The first challenge will be to articulate accurately to the public and decision makers the tradeoff between increases in tuition and declining quality and loss of competitiveness with private research universities. Raising tuition further will be anathema to many parents and students, who believe costs are already too high. University advocates will have to demonstrate, and not merely assert, the benefits to the economy and society as well as to students of charging more in order to support a high-quality research institution.
Maintaining the strong tradition of public universities while increasing student costs will require that access for low-income and historically disadvantaged students be ensured through both expanded institutional student-aid and scholarship programs. That, in turn, will require public universities to accelerate their efforts to garner philanthropic dollars, as well as to secure stronger political support for government initiatives that give financial aid and tax benefits to students.
Another challenge will be the continuing need to provide public goods. Students and parents may question using tuition dollars to pay outreach activities that do not directly improve campus education programs. In addition, institutions will face the issue of how to support professional-degree programs that usually cost far more money to operate than tuition will ever generate.
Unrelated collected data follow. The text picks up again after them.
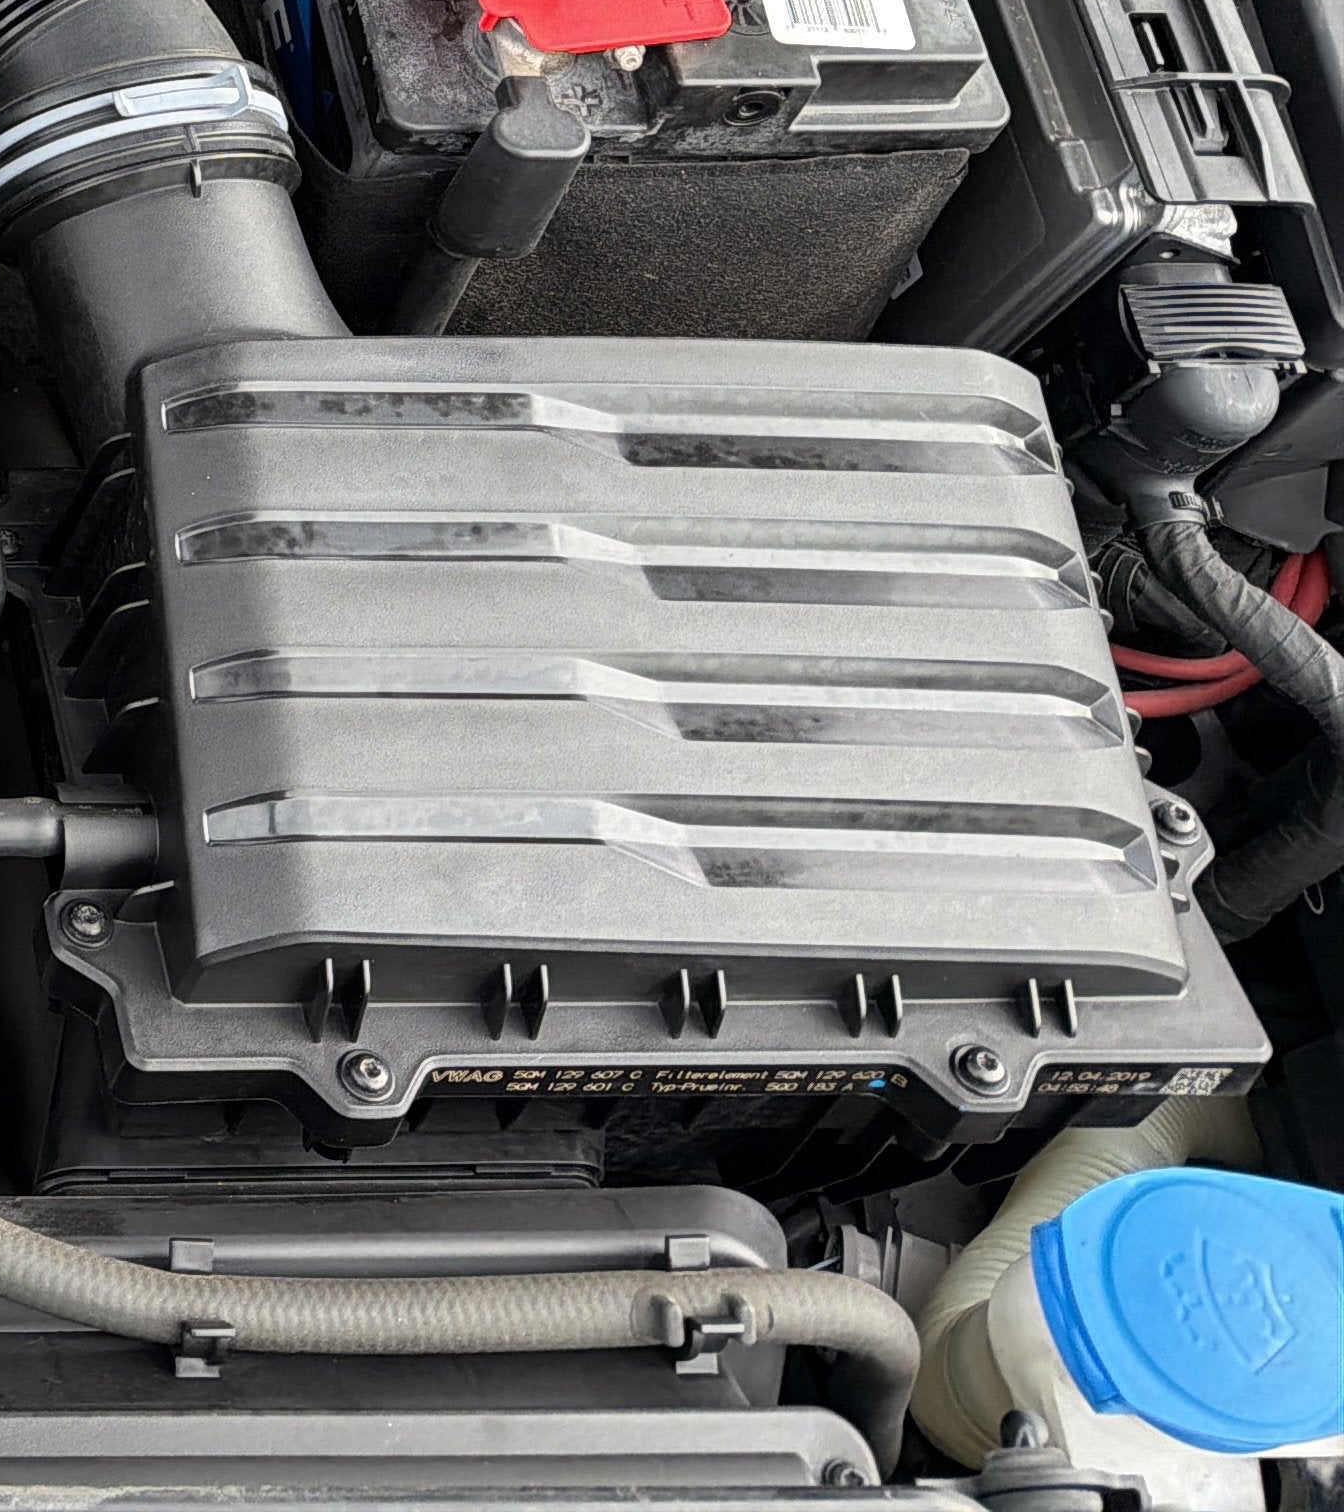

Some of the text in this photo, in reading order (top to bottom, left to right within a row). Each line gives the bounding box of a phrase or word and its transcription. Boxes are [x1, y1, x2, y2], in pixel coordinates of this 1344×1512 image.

[556, 1070, 584, 1079] 129
[591, 1070, 623, 1079] 607
[655, 1070, 768, 1080] Filterelement
[816, 1070, 847, 1080] 129
[547, 1082, 579, 1092] 129
[582, 1082, 612, 1092] 601
Maintaining the quality of programs such as medicine, dentistry and veterinary science may require universities to explore new partnerships with private foundations and organizations; charge fees for traditionally free programs; and seek more direct, earmarked state support.
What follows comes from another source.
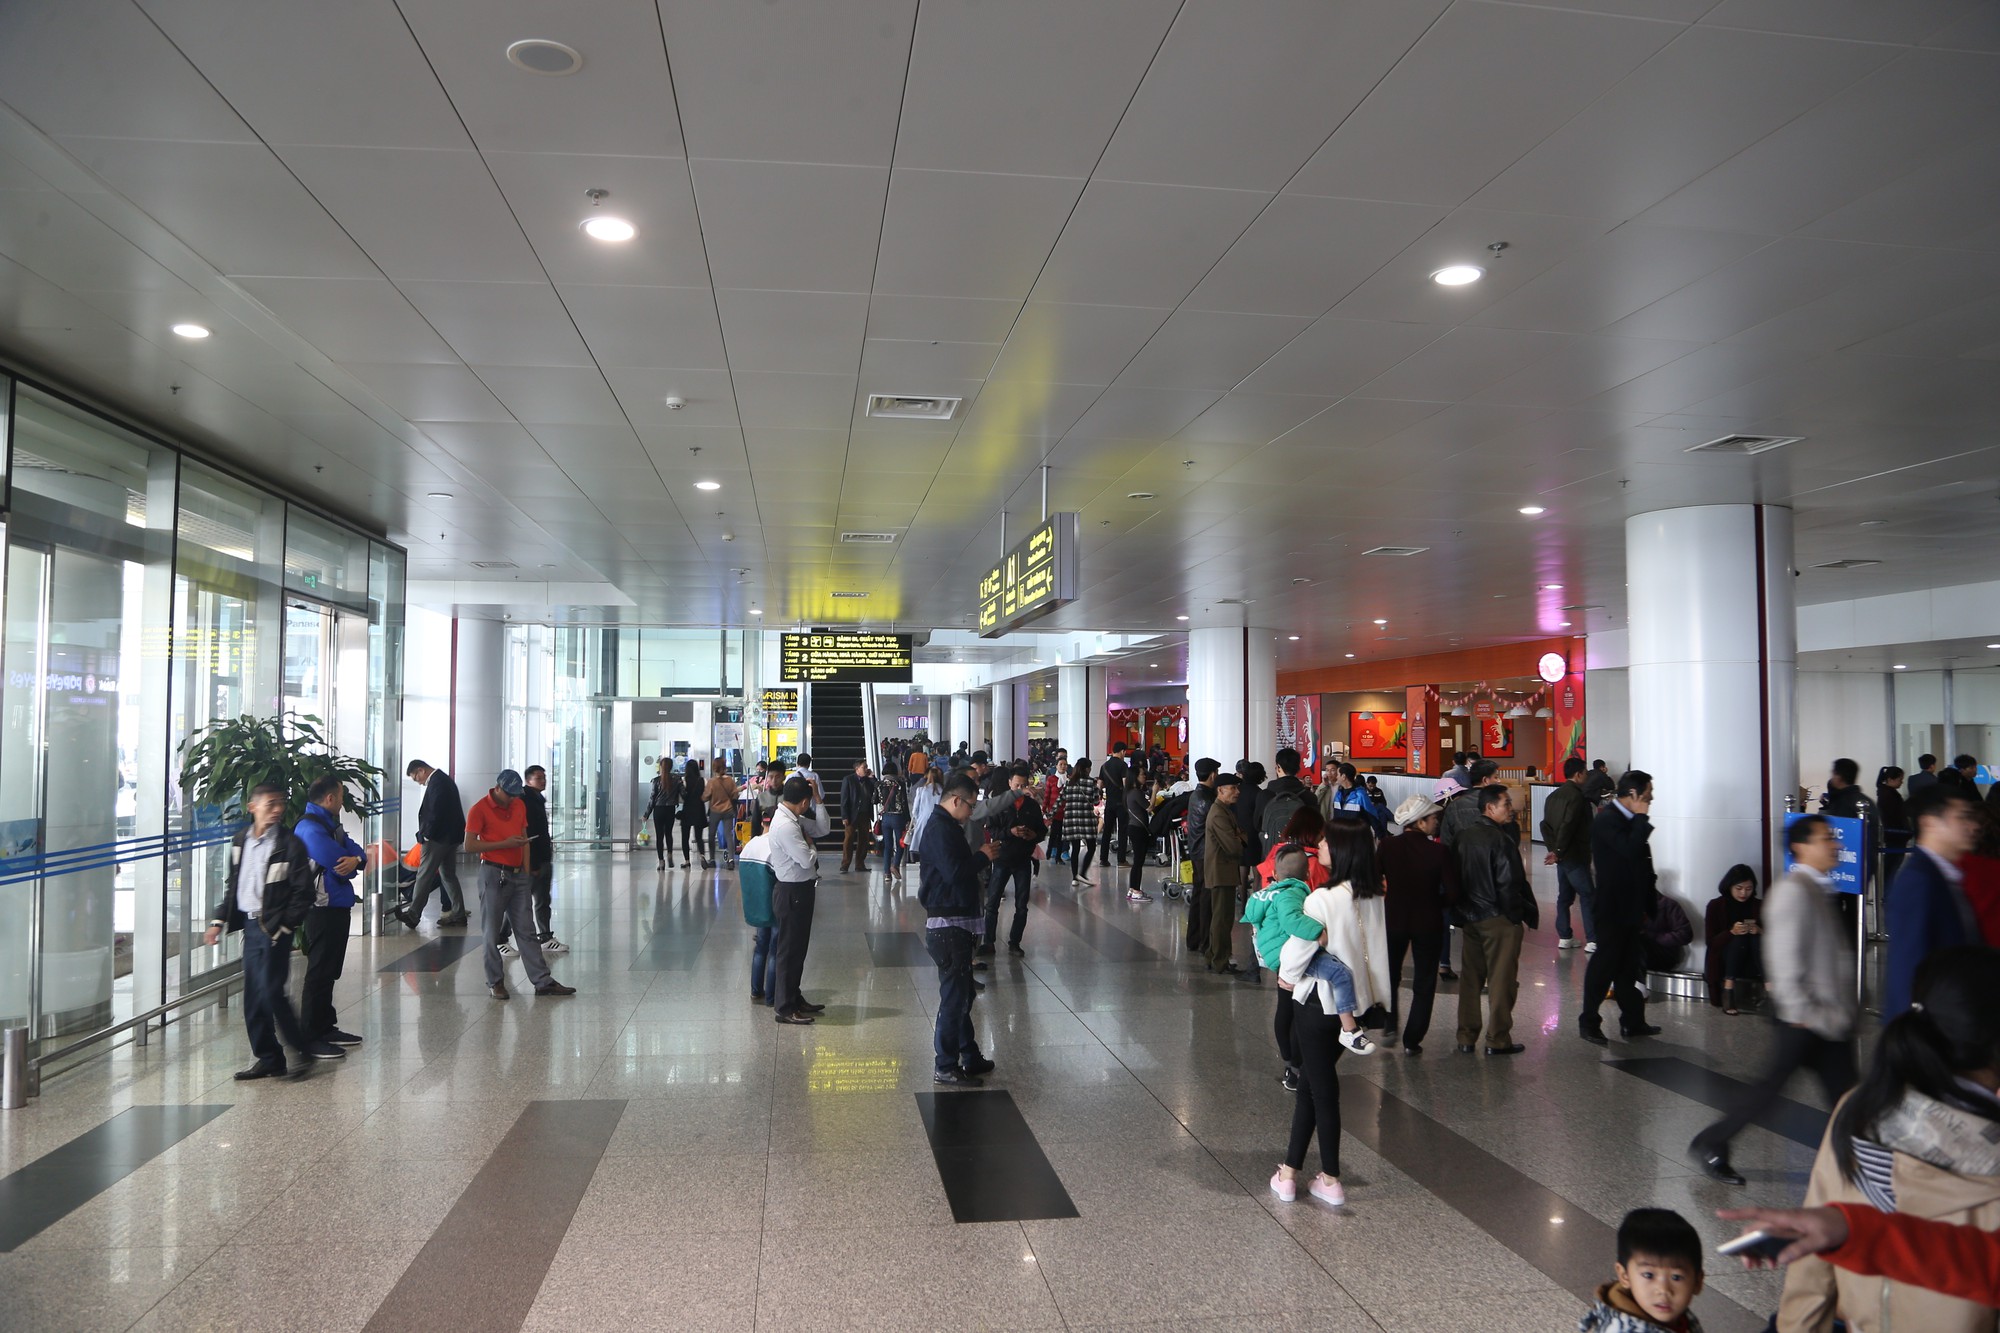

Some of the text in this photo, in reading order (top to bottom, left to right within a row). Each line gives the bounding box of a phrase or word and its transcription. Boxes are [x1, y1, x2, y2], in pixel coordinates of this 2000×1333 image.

The hybrid university also faces a long-term tug of war over its fundamental mission and philosophy. To compete in the market for student dollars, it will have to operate more efficiently, do more to tailor academic programs to student preferences, and radically improve student services in every area, from academic advising to campus housing and food service. But, to remain a great learning institution, it will have to continue to nurture learning for its own sake, transmit cultural values, encourage civic understanding, and foster other less-quantifiable and less-profitable -- but still valuable -- features of the university. The potential for conflict between the new market-driven forces and the traditional mission of the university is not unlike the long- running debate about the university’s proper role in economic development, applied research and job training. The relative paucity of state support places such debates in the new context of survival in the marketplace.
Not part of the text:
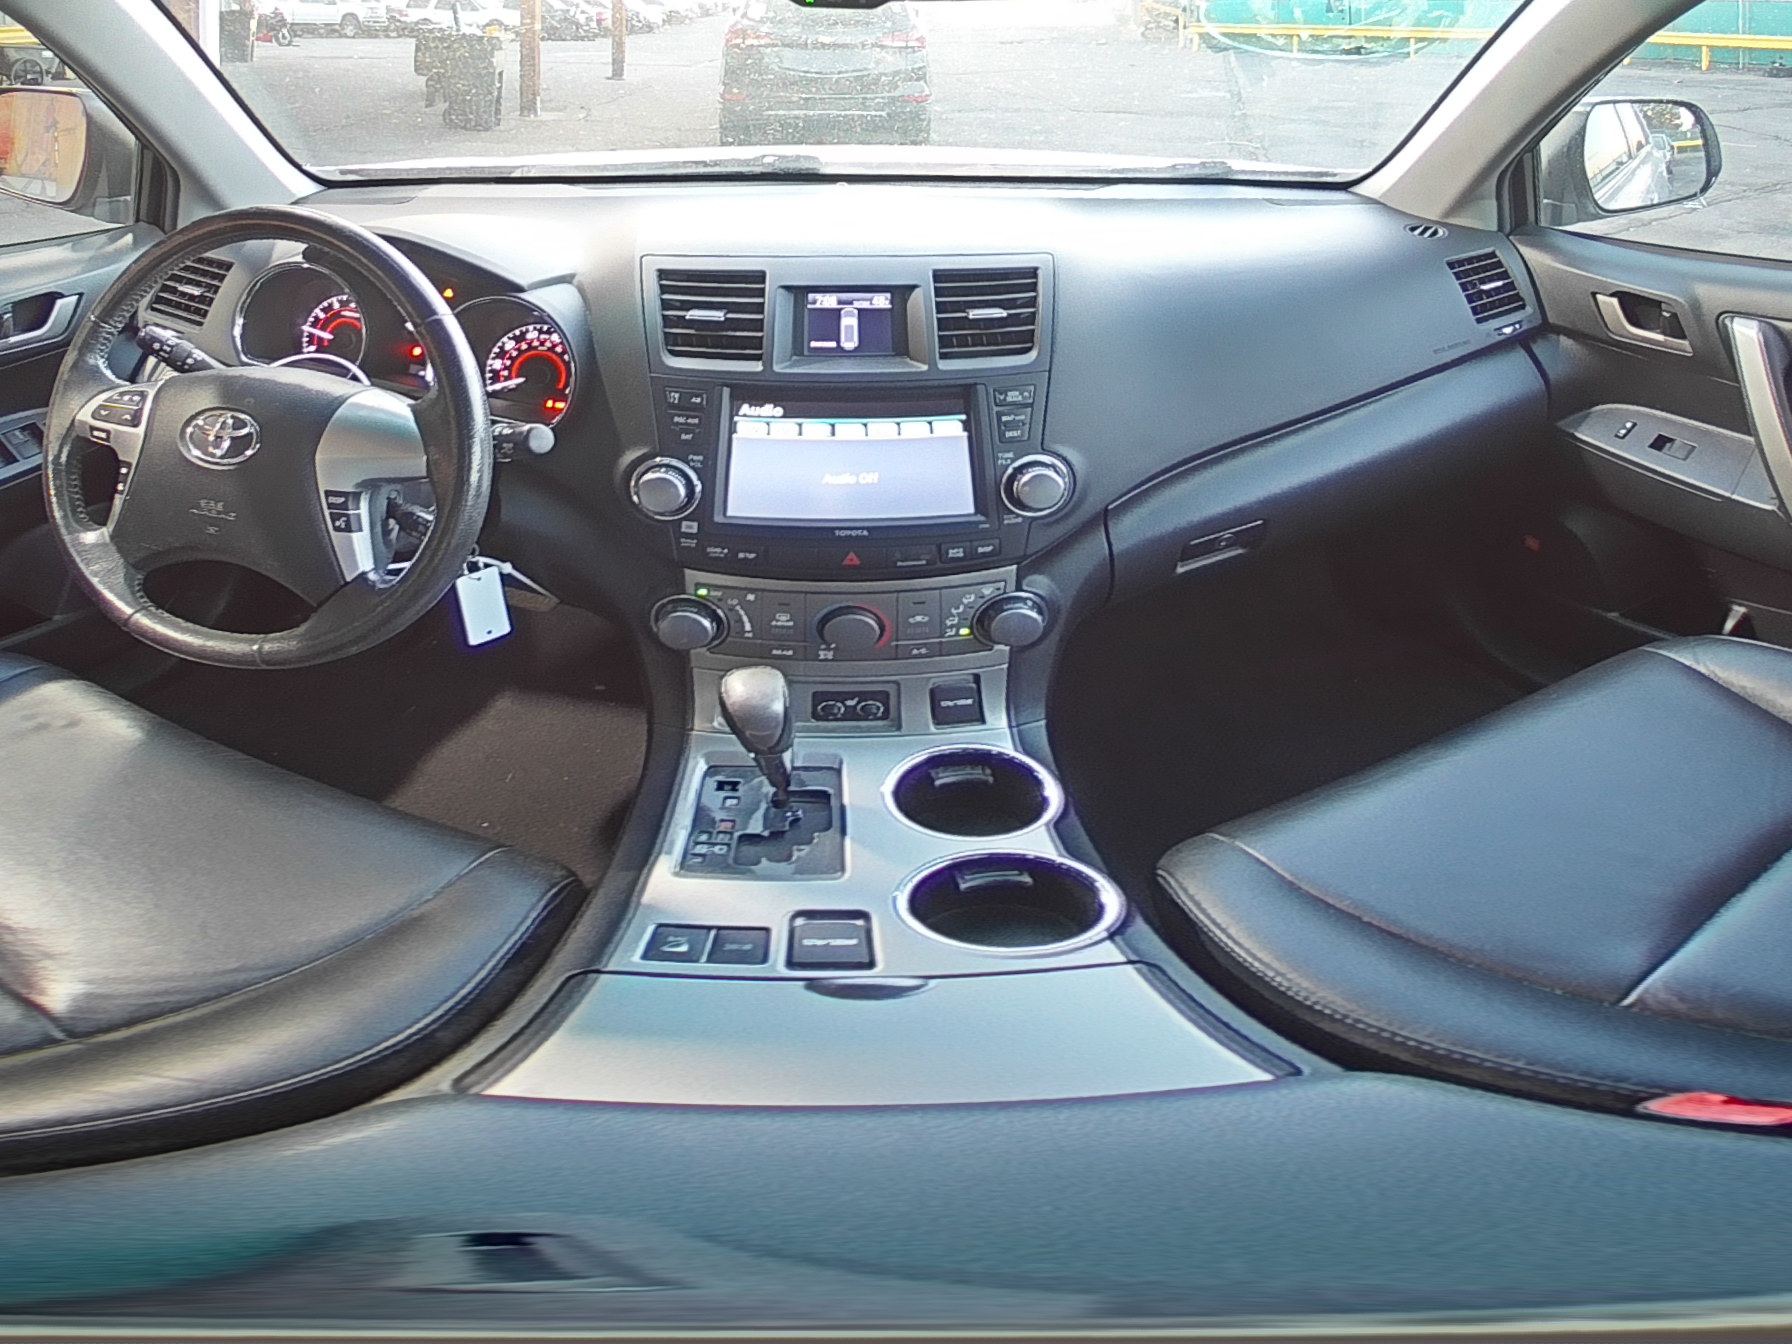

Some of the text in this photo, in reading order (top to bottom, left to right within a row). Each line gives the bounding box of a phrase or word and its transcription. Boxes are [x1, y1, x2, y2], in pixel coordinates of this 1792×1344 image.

[738, 403, 785, 417] Audio
[821, 472, 879, 485] Audio Off
[833, 529, 870, 537] TOYOTA
The author William Arthur Ward once said, “The pessimist complains about the wind; the optimist expects it to change; and the realist adjusts the sails.” Unfortunately, many at public research universities and their supporters have fallen into a pattern of blaming the circumstances of the day -- this year’s economy, the current legislature or governor, or the news media -- for the dwindling share of state resources, rather than focusing on the future through the long haul. Keeping public research universities thriving will be no easy task, and we should start by recognizing that the long-term political winds have shifted.
Mark G. Yudof is the chancellor of the University of Texas System.